Lieutenant (j.g.) Max Siegel and other US Navy personnel are stuck in a public relations unit far from the fighting. Lieutenant Commander Clinton T. Nash, their commanding officer and a stockbroker in civilian life, refuses to allow anyone to transfer out. Much of Siegel's time is spent showing war correspondents (like obnoxious Gordon Ripwell) and visiting Congressmen around the island.

One day, Siegel spots beautiful local schoolteacher Melora Alba. Despite some formidable obstacles, he eventually wins her love. However, they break up when he wants to live in New York City to further his career, while she feels she is needed on the island.

Meanwhile, Siegel's yeoman, Adam Garrett, falls in love with Navy nurse Alice Tomlen, which constitutes a serious breach of Navy regulations, as Tomlen is an officer while Garrett is only an enlisted man. However, Siegel pretends to be dating her himself in order to give Garrett the opportunity to spend time with her. This couple also fall in love.

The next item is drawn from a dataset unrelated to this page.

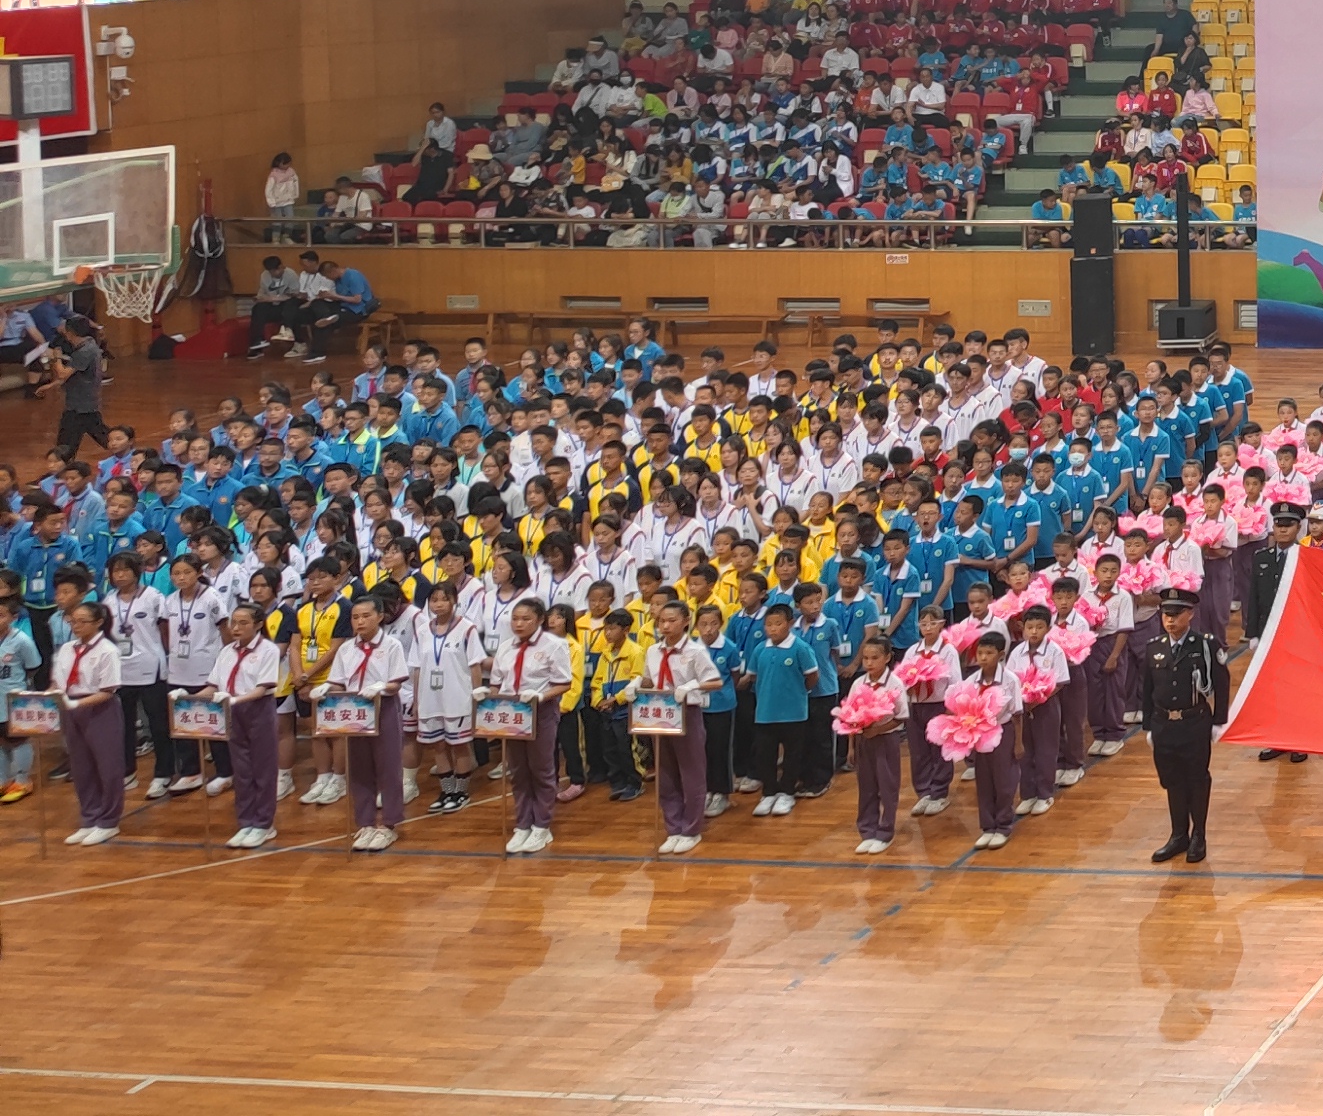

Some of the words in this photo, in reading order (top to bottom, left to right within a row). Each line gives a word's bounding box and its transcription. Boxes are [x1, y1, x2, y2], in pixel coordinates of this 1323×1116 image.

[180, 711, 219, 725] 永仁县
[323, 708, 368, 722] 姚安县
[483, 711, 525, 725] 牟定县
[638, 706, 675, 719] 楚雄市

When Nash finds out, Siegel suggests a fitting punishment would be a transfer to a fighting unit (something Garrett very much wants).

With the Army hogging the news headlines, Nash comes up with the idea to take an ordinary sailor and send him on a morale-boosting tour, all highly publicized. He chooses Farragut Jones. Unfortunately, Jones turns out to be foul-mouthed and heavily tattooed, not exactly what Nash had hoped for. He assigns Siegel to smooth out Jones's rough edges, with limited success.

Later, Siegel has to escort another war correspondent, the shapely and blonde Deborah Aldrich, when she finagles her way aboard a heavy cruiser on its way to a combat operation, much to Admiral Junius Boatwright's disapproval.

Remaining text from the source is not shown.